There's Always a Story
Thursday, December 20, 2007
burghbaby

As part of my quest to brainwash my kid into thinking that she might actually like snow after all, I have taken on the mission of trying to find her suitable snow gear. You know--snow pants, a new coat, gloves, hat, and boots. Peoples, I am in the wrong industry. I most certainly should be selling kids snow gear because DUDE the stuff is expensive. I'm having trouble with this whole thing because A) I am cheap and B) The closest the child has come to walking through snow was last week when she stood shrieking at the back of the garage, pleading with me to let her back in the house (despite the fact that the snow was still 20 feet from her being). I turn very cheap when I suspect that my expenditures will not be appreciated, or for that matter, used. But I can't very well expect the kid to go trouncing through the snow wearing her hooker boots (just to be clear, it wasn't I who deemed them her "hooker boots" and I'm struggling to see how they qualify as stripper boots, what with the cute little bows on them and everything).

So, last Saturday we found ourselves at a mall far, far from our house.

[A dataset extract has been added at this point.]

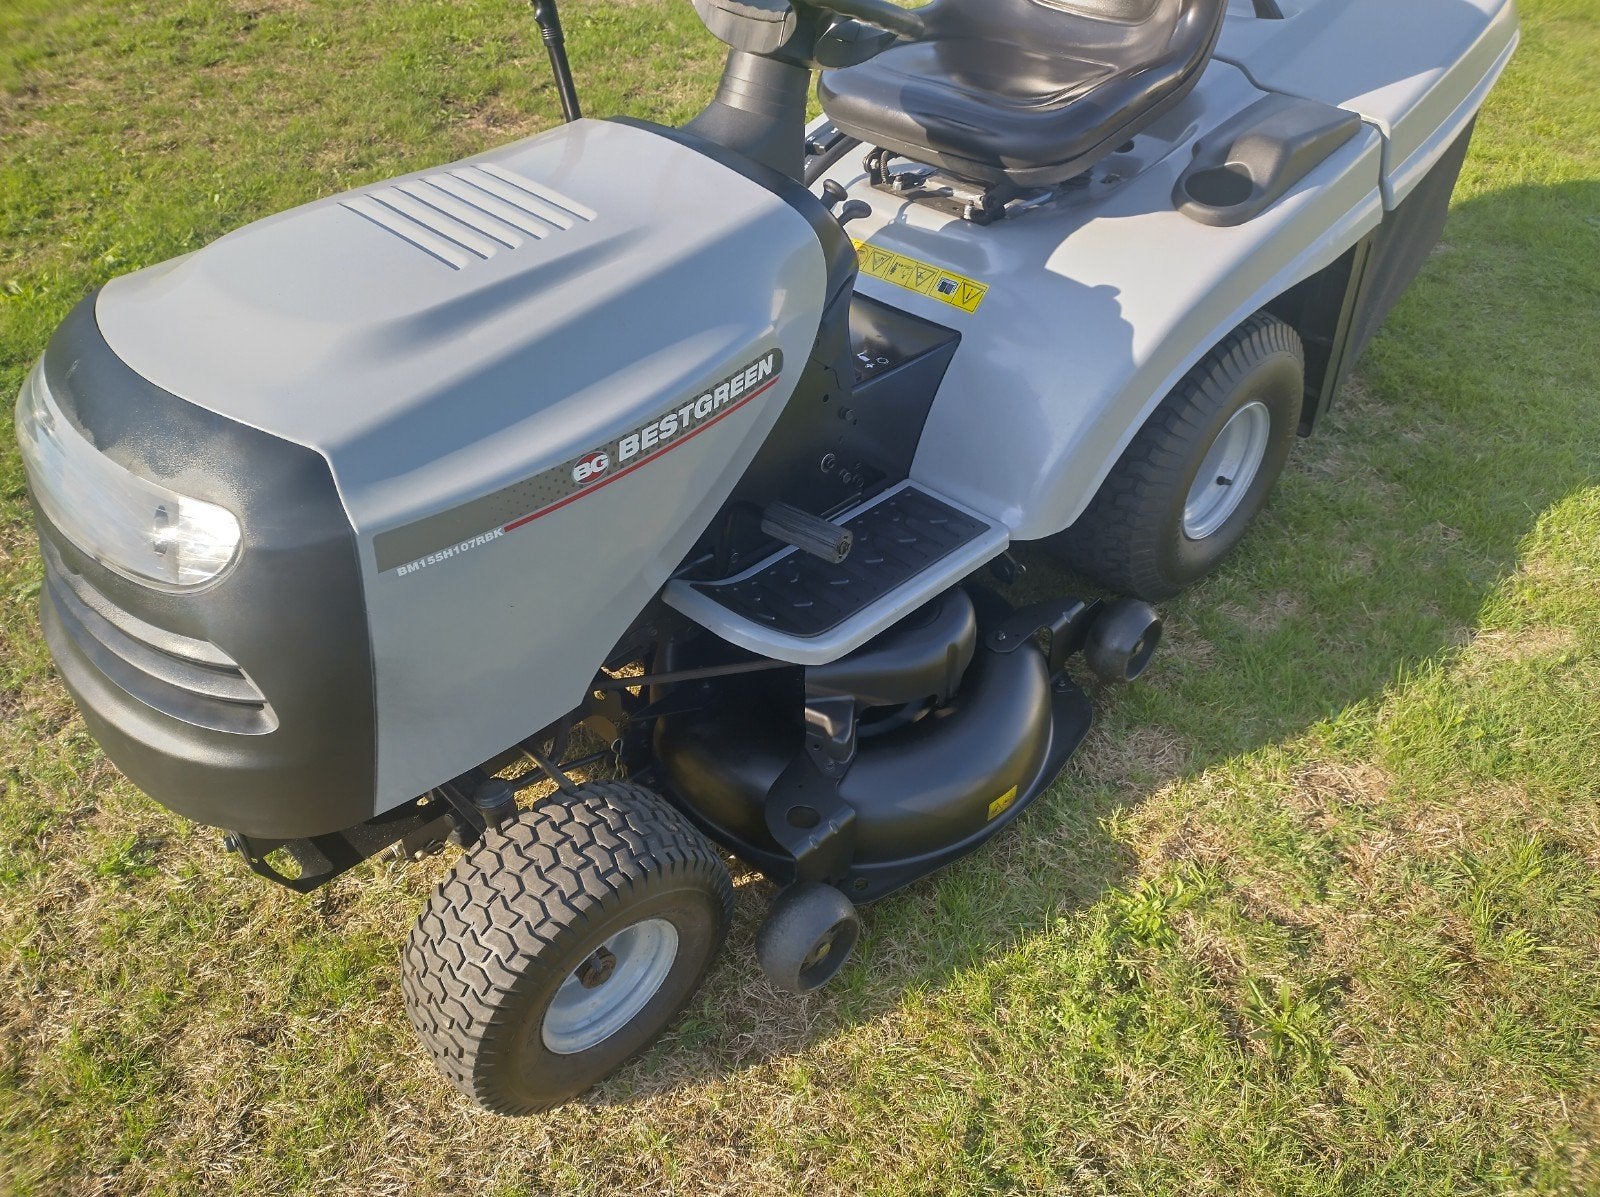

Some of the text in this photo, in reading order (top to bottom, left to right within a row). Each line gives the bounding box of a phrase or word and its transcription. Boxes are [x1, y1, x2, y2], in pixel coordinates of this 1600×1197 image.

Said mall was chosen because we like to mock all the Pittsburghers that never cross a river by purchasing things that they can NEVER have because they won't travel that far, and then flaunting those purchases in their faces. And hey! There is an H&M for kids there! Perfect! Besides, there was one day last week when I was almost able to actually close Alexis' closet door all the way, so obviously she needs some new clothes. H&M clothes are mega-cute (and not available online, which is just wrong!). H&M did nothing to assist me in my quest for boots, snow pants, a coat, gloves, a hat, or anything else quite that useful, but after scoring on some tops and pants there, it did whisper to me to try Payless Shoes for the boots.

In we went, Mr. Husband, Alexis, and myself, in search of some cheap-but-halfway-decent-looking boots. As Daddy and I were evaluating the vast selection (OK, there were two pair to choose from), Alexis sat down on the floor to play with the 12,000 pair of shoes that were not boots. One pair of the boots that we were studying closely were $23, the other $25. I remarked to Daddy that they were some pretty ugly shoes for that kind of money. That led to a deep conversation about how I could spend $5 more and get CUTE boots that she would never actually wear, rather than wasting money on boots that she wouldn't wear AND that would further uglify my front hallway. At that point, nobody was actually watching the Toddler on the floor. I mean, I was using the eyes that I had installed in the back of my head shortly after her birth to keep tabs on her, but I wasn't actually WATCHING her.

Not that it would have mattered.

That is when she discovered the fugliest shoes of all time, the pink lamé Dora strappy sandals. She shoved her little tootsies into those things so fast Dora is currently seeking counseling for her post-traumatic stress syndrome. The look on Alexis' face told the story at that point; she thought she had discovered the most wonderful shoes of all time. As she slowly stood, she stared at her feet and gleefully exclaimed, "PRETTY SHOES!" for all the world to hear. Clearly, this was the highlight of her short life.

As any parent knows, we had two choices at this point. Pry the ugly off of her feet and listen to her scream in horror for the next half hour, or just buy the dang shoes. They were on clearance (gee, I wonder why?) for a whopping $4.00, so you can probably figure out which path we travelled.

Mr. Husband and I then spent the rest of our time in the mall arguing over whose kid she was.

"She's not mine."

"Well, she's not mine either."

"She looks more like you than she does me."

"No child of mine would wear shoes that ugly."

All the while, Alexis lagged ten feet behind us because neither one of us was willing to actually walk beside her and acknowledge that we knew her. Well, that and the fact that she couldn't walk very fast, what with all the mandatory stopping to stare at her shoes and everything.

Fortunately, I found the perfect spot to hide her while we were in Macy's.